Despite its increasing use for bladder and bowel dysfunction, sacral neuromodulation (SNM) has a substantial failure rate, due often to device malfunction. Within 5 years of initial implantation, one in three patients had some form of reintervention, either revision or removal, according to a Research Letter published online in
In a statewide data review of almost 5,000 SNM procedures -- done for all indications during 2008-2015 -- Bilal Chughtai, MD, of New York-Presbyterian/Weill Cornell Medical College in New York City, and colleagues found that almost 15% of patients needed device revision or removal within the first year of implantation.
"At this time, we need to focus our energies on determining which patients can benefit from a sacral neuromodulator," Chughtai told Ƶ. "We urgently need an all-inclusive device registry that can help understand who would benefit the most from this therapy."
The mean age of the 4,946 SNM recipients, drawn from the New York Statewide Planning and Research Cooperative System, was 60.7, and 79.7% of the total were female. The primary indication for SNM was wet overactive bladder, affecting 2,534 patients (51.2%). Within 1 year, 592 of 4,313 evaluable patients (13.7%) required reintervention. Within 3 years, 767 of 2,920 patients (26.3%) needed reintervention, and within 5 years, 575 of 1,514 (33.0%) required reintervention.
The most common indications for reintervention were treatment or device failure -- in year 1, 278 of 592 patients (47.0%) and 280 of 592 patients (47.3%), respectively. At 5 years, 190 of 575 reinterventions (33.0%) were associated with treatment failure and 367 of 575 (63.8%) to device malfunctions. Pain was an infrequent reason, and infections were not reportable.
"One in 3 patients had some form of reintervention -- either revision or removal -- within 3 to 5 years of initial device placement, which is in stark contrast to the manufacturer's reported device survival probability of 97.9% over a 3-year period," the researchers wrote. No significant differences emerged between high- and low-volume hospitals or surgeons. "Even in the hands of high-volume surgeons, the invasive surgical reintervention rate remains very high."
Chughtai said that although the rates of reintervention were much higher than expected, especially when considering the low rates acknowledged by manufacturers, some patients do well with the device. "So the technology should not be ruled out as a treatment for bladder and bowel dysfunction, but patients need to be counseled about potential high rates of reinterventions and possible failures."

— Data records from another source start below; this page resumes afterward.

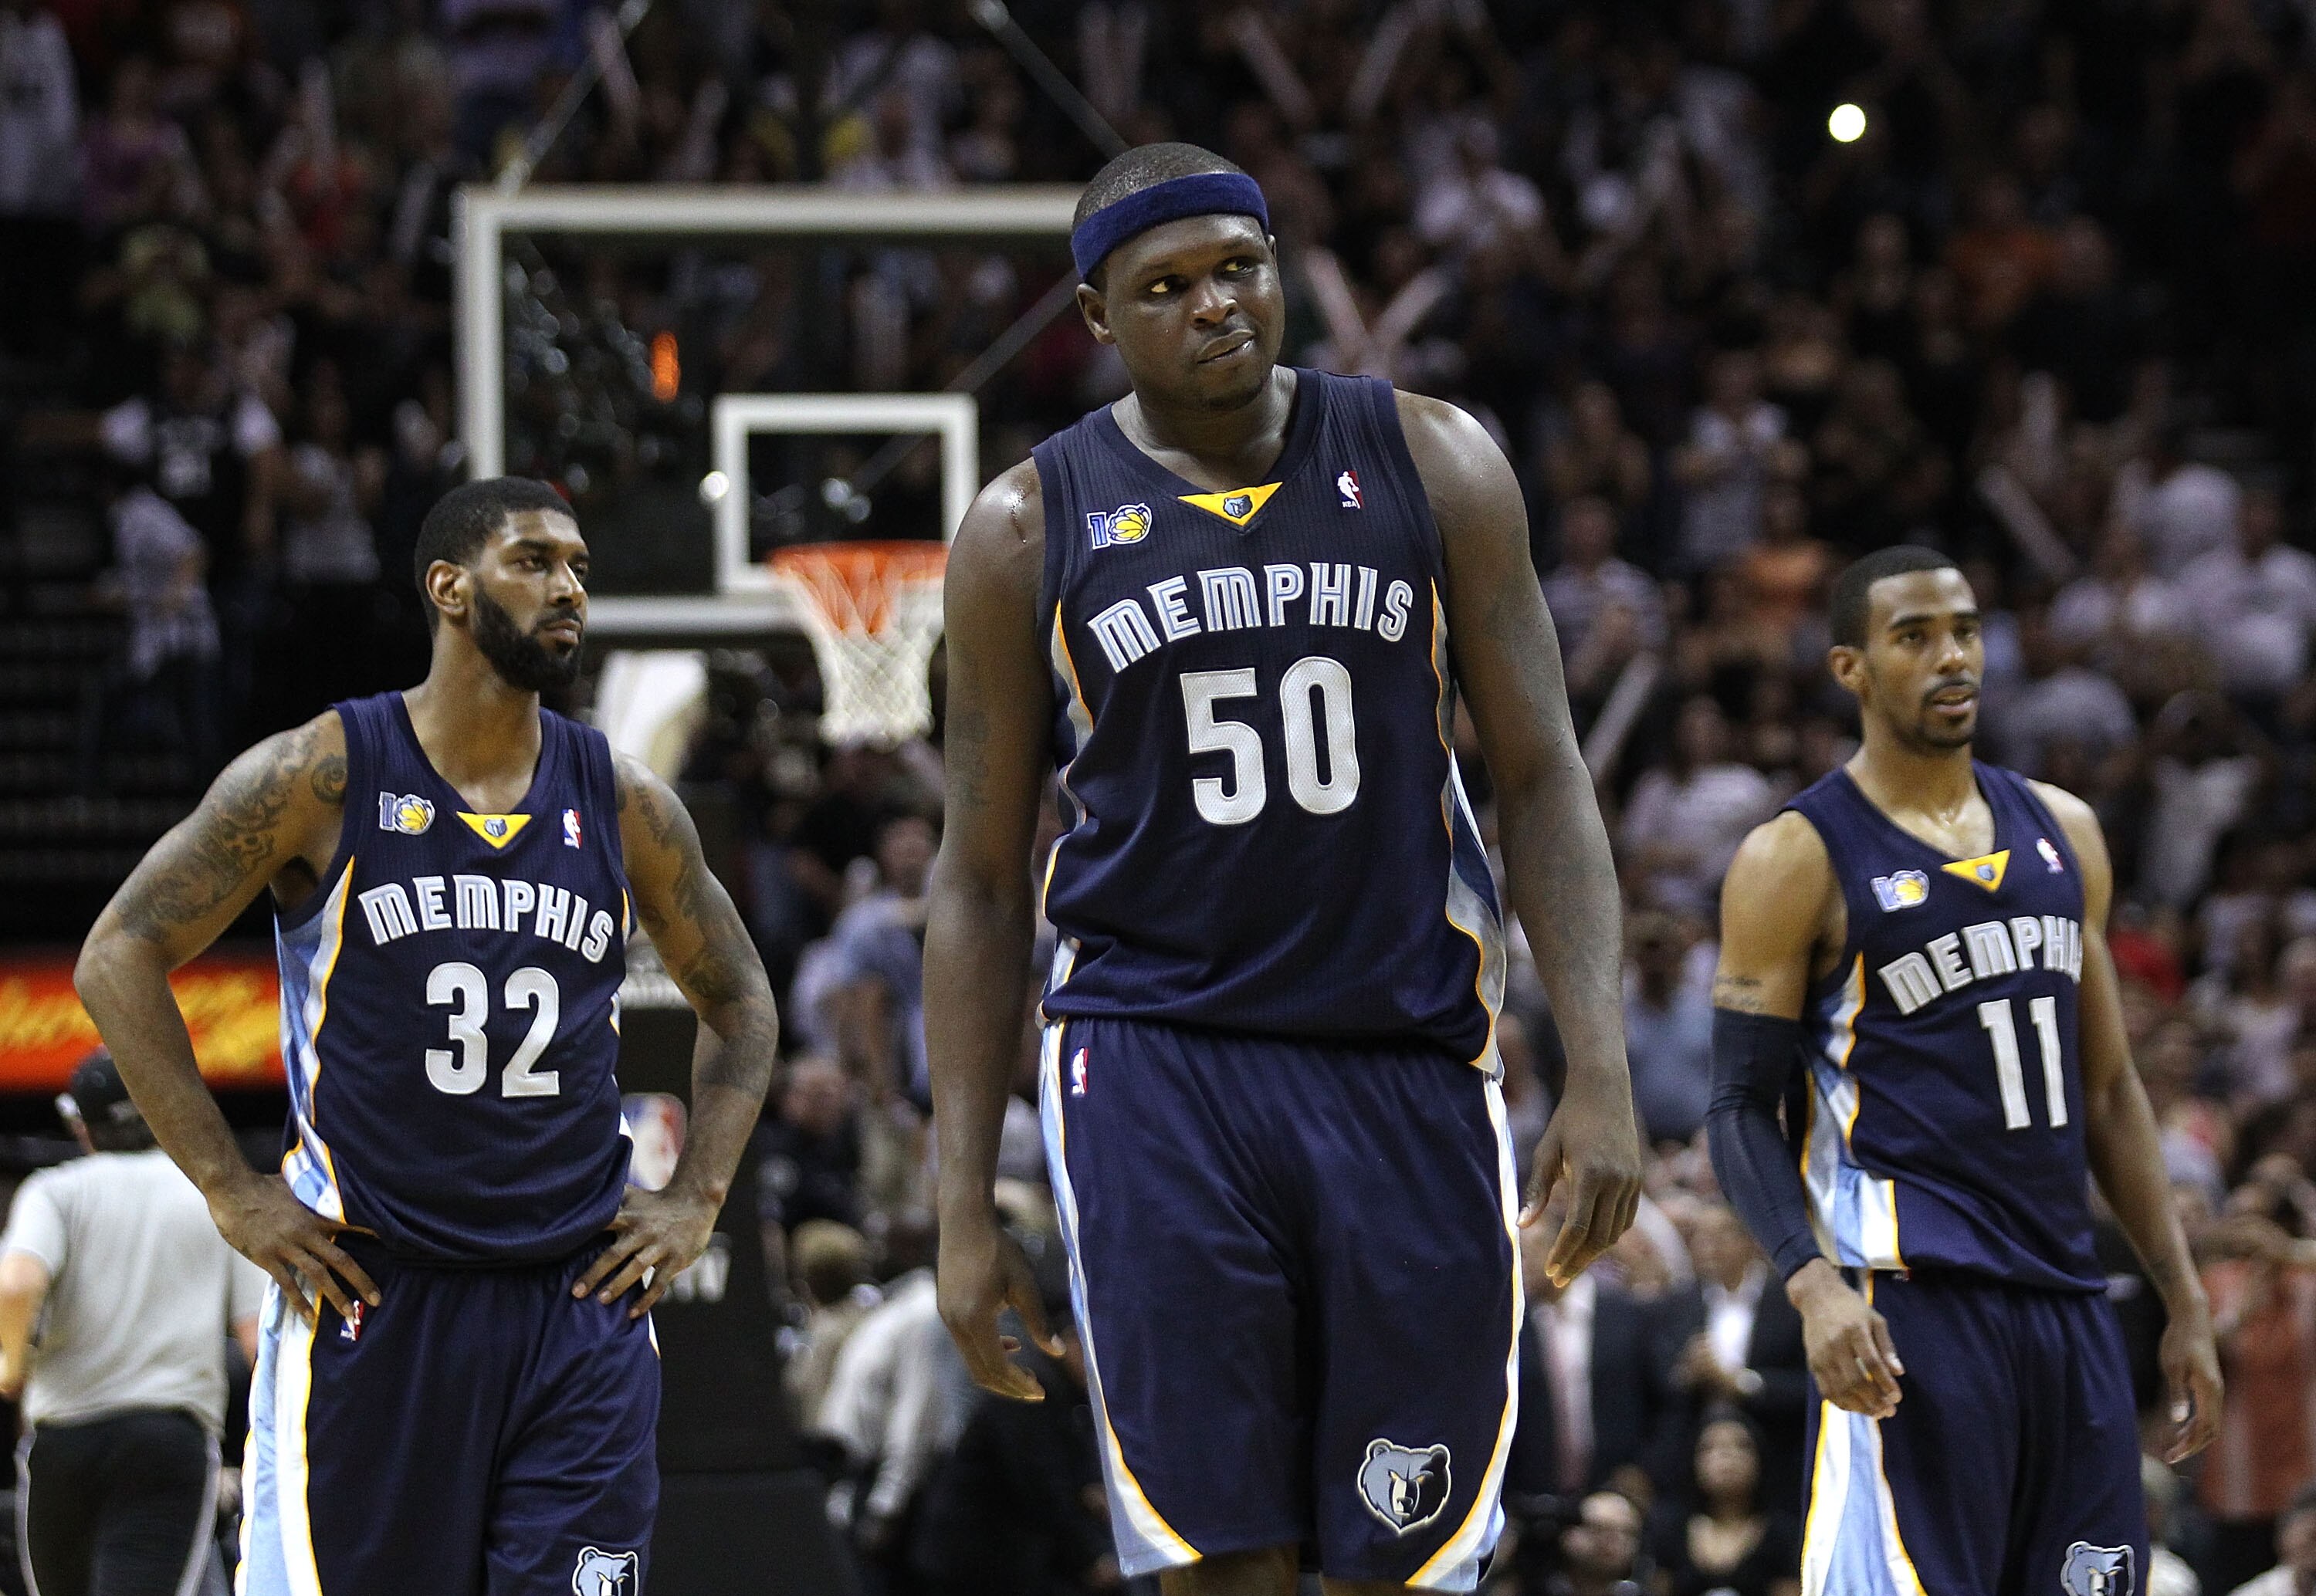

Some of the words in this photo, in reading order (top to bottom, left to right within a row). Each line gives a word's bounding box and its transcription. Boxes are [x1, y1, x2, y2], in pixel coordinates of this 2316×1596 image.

[1088, 562, 1414, 674] MEMPHIS
[1180, 656, 1360, 825] 50
[358, 874, 615, 963] MEMPHIS
[1877, 915, 2083, 1016] MEMPHI
[425, 962, 560, 1097] 32
[1976, 996, 2068, 1130] 11

In a 2015 Medicare Chughtai and associates had reported an 11.3% reintervention rate for NSM at 90 days, which rose to 33% at 5 years. More recently, a by Steven Siegel and colleagues reported a 5-year therapeutic success rate for urge incontinence at 5 years of only 67%.
Asked for his perspective, Michael J. Kennelly, MD, of the Carolinas HealthCare System in Charlotte, NC, who was not involved with the study, noted that it included patients across all four urinary-fecal indications for SNM: "It's a mixed bag who they were treating. And some patients can have several different things that you're trying to improve. In the future we need better-defined groups for what we're trying to achieve."
Kennelly added that some patients have abnormal sensory awareness from the device's electrical energy and ask for it to be removed. And all therapies for overactive bladder, particularly advanced ones such as SNM, have different risk-benefit profiles. "We have to understand that overactive bladder is a long-term condition, and as with all implantable devices, we have to continue to monitor recipients for adverse events," he said.
In addition, the realistic aim is not always to eliminate the problem: "You're not curing it; you're getting it under control to a level where's it's no longer at the front of the patient's brain."
While people are looking for a single-fix monotherapy -- "a one-and-done" -- the management of urinary incontinence often requires a multifaceted approach involving individual patient factors, medications, lifestyle adjustments, and implantable devices, Kennelly added. "Too often we pit these therapies against one another when really they're complementary."
The researchers noted that study limitations included the lack of generalizability of state-based findings to the entire U.S. population, and possible misclassification due to billing codes.
Disclosures
The study was supported by the Empire Clinical Research Investigator Program of the New York State Department of Health.
Chughtai reported a financial relationship with Allergan.
Kennelly reported relationships with Allergan, Cogentix, and Medtronic, the manufacturer of the neurosacral modulator InterStim.
Primary Source
JAMA Surgery
Chughtai B, et al "Failures of sacral neuromodulation for incontinence" JAMA Surg 2018; DOI:10.1001/jamasurg.2017.6093.